En la era digital, la niñez ha dejado de ser solo un espacio privado y se ha convertido en un escenario público, modelado por millones de usuarios en redes sociales. El fenómeno conocido como sharenting, o la práctica de compartir información y fotografías de los hijos menores en internet, está en auge. Más allá de ser una simple manifestación de orgullo paterno, se transforma en una potente herramienta comercial, con profundas implicaciones sociales y económicas.

¿Qué es el sharenting y por qué es una tendencia imparable?

Sharenting, una combinación de “sharing” (compartir) y “parenting” (paternidad), describe cómo los padres utilizan las redes sociales para mostrar y narrar la vida de sus hijos. Este comportamiento no es solo cuestión de darse a conocer o mantener el contacto con familiares y amigos, sino que ha evolucionado hacia un negocio donde la infancia es moneda de cambio.

Las causas que impulsan esta tendencia incluyen:

  • La búsqueda de validación y reconocimiento social.
  • El desarrollo de plataformas que premian la visibilidad con interacciones y seguidores.
  • La influencia de modelos a seguir que capitalizan la imagen infantil para generar ingresos.

Un mercado en crecimiento: la economía de los datos infantiles

Este fenómeno abre una nueva ventana al mercado digital. Empresas, anunciantes y marcas ven en el sharenting una vía para segmentar audiencias muy específicas, mucho más allá de lo convencional.

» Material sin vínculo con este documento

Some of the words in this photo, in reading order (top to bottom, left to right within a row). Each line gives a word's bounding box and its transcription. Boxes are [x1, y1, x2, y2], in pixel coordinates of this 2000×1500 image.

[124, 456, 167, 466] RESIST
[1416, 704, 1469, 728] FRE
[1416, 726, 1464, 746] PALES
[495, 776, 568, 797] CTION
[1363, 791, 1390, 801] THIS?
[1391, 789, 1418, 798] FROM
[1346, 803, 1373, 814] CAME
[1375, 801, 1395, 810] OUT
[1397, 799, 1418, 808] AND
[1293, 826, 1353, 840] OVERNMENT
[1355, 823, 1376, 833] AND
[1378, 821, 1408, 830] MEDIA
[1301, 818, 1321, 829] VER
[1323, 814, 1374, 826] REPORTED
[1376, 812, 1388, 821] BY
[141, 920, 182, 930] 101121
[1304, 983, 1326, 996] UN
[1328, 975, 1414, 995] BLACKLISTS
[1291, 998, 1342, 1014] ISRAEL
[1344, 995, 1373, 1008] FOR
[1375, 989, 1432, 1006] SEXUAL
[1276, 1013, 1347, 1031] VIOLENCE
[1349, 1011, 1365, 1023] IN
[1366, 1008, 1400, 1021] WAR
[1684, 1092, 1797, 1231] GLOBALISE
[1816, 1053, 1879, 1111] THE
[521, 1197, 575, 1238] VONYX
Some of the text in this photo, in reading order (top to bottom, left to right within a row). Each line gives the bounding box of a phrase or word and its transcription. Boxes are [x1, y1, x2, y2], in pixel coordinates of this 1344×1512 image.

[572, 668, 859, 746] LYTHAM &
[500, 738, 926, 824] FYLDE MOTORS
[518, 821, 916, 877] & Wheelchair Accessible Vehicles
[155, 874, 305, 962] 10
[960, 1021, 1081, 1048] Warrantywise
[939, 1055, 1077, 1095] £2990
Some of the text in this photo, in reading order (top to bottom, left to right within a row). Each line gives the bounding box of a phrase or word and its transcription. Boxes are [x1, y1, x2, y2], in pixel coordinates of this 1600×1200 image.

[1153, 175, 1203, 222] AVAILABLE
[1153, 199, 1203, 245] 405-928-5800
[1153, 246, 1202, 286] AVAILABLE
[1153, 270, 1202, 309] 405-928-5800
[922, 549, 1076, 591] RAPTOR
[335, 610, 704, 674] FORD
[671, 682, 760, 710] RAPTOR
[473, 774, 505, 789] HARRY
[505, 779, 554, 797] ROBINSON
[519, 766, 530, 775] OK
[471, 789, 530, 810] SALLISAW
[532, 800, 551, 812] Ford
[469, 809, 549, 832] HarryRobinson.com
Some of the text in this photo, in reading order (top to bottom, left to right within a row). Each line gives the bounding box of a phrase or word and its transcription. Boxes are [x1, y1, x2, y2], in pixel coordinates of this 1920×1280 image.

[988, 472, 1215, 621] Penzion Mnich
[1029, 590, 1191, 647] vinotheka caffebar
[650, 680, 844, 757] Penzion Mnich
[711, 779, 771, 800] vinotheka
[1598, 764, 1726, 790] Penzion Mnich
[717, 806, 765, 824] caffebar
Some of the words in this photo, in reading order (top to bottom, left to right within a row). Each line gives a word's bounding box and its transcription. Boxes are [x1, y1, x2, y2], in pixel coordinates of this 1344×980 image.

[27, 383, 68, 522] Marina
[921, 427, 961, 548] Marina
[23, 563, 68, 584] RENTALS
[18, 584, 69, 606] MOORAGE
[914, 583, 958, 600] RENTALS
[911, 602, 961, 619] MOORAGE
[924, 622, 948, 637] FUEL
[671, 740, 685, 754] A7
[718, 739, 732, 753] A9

Los datos compartidos sobre los niños, desde gustos hasta hábitos, se vuelven un recurso valioso para estrategias publicitarias personalizadas y campañas comerciales. El resultado es un ecosistema donde la infancia se convierte en un capital invisible, explotado para generar ganancias sin que muchas veces los propios padres o los niños sean conscientes de las consecuencias.

Los riesgos de un mundo digital mal regulado

El principal problema no es el uso por sí mismo, sino la ausencia de una regulación clara y efectiva para proteger la privacidad y derechos de los menores.

Consecuencias para los niños

  • Privacidad vulnerada: la exposición excesiva de información puede afectar la intimidad futura del menor.
  • Posible manipulación comercial: niños convertidos en víctimas indirectas de la publicidad dirigida.
  • Construcción de identidad afectada: la narrativa pública impuesta puede generar presión social y limitación de la libre expresión infantil.

La responsabilidad de los padres y la sociedad

Las familias deben tomar conciencia del papel que cumplen en esta dinámica. Más allá del cariño y el orgullo, el manejo responsable de la información de los hijos es fundamental para proteger su presente y su futuro.

Algunos consejos para un sharenting consciente y seguro son:

  • Establecer límites claros sobre qué compartir y qué no.
  • Informarse sobre las políticas de privacidad de las plataformas.
  • Evitar publicar detalles sensibles como ubicación o rutinas diarias.
  • Consultar con los niños, según su edad, para respetar su voluntad e intimidad.

¿Qué puede hacer el marco legal para proteger a los niños en la red?

En España y en muchos países, la regulación en materia de protección de datos para menores aún es insuficiente frente a las nuevas realidades digitales.

Medidas necesarias para una regulación efectiva

  • Normativas específicas: que contemplen el consentimiento explícito y la limitación en la difusión de la imagen y datos de menores.
  • Educación digital: impulsar programas que sensibilicen a padres, educadores y niños sobre derechos y riesgos.
  • Responsabilidad penal: para quienes utilicen indebidamente la información infantil con fines comerciales.
  • Transparencia en plataformas: exigir mayor control y herramientas para proteger la privacidad infantil.
Un reto colectivo para una infancia protegida y respetada

La tecnología y sus beneficios son imparables, pero también lo deben ser los esfuerzos para garantizar que los más vulnerables no se conviertan en meros productos de consumo. El sharenting puede ser una forma de compartir el amor paternal, pero también debe ser un ejercicio responsable, informado y respetuoso con derechos fundamentales.

Para avanzar hacia este objetivo, padres, legisladores, empresas y sociedad civil deben crear un equilibrio que permita disfrutar de la tecnología sin sacrificar la privacidad y bienestar de los niños. Solo así construiremos un entorno digital más seguro y humano para las generaciones venideras.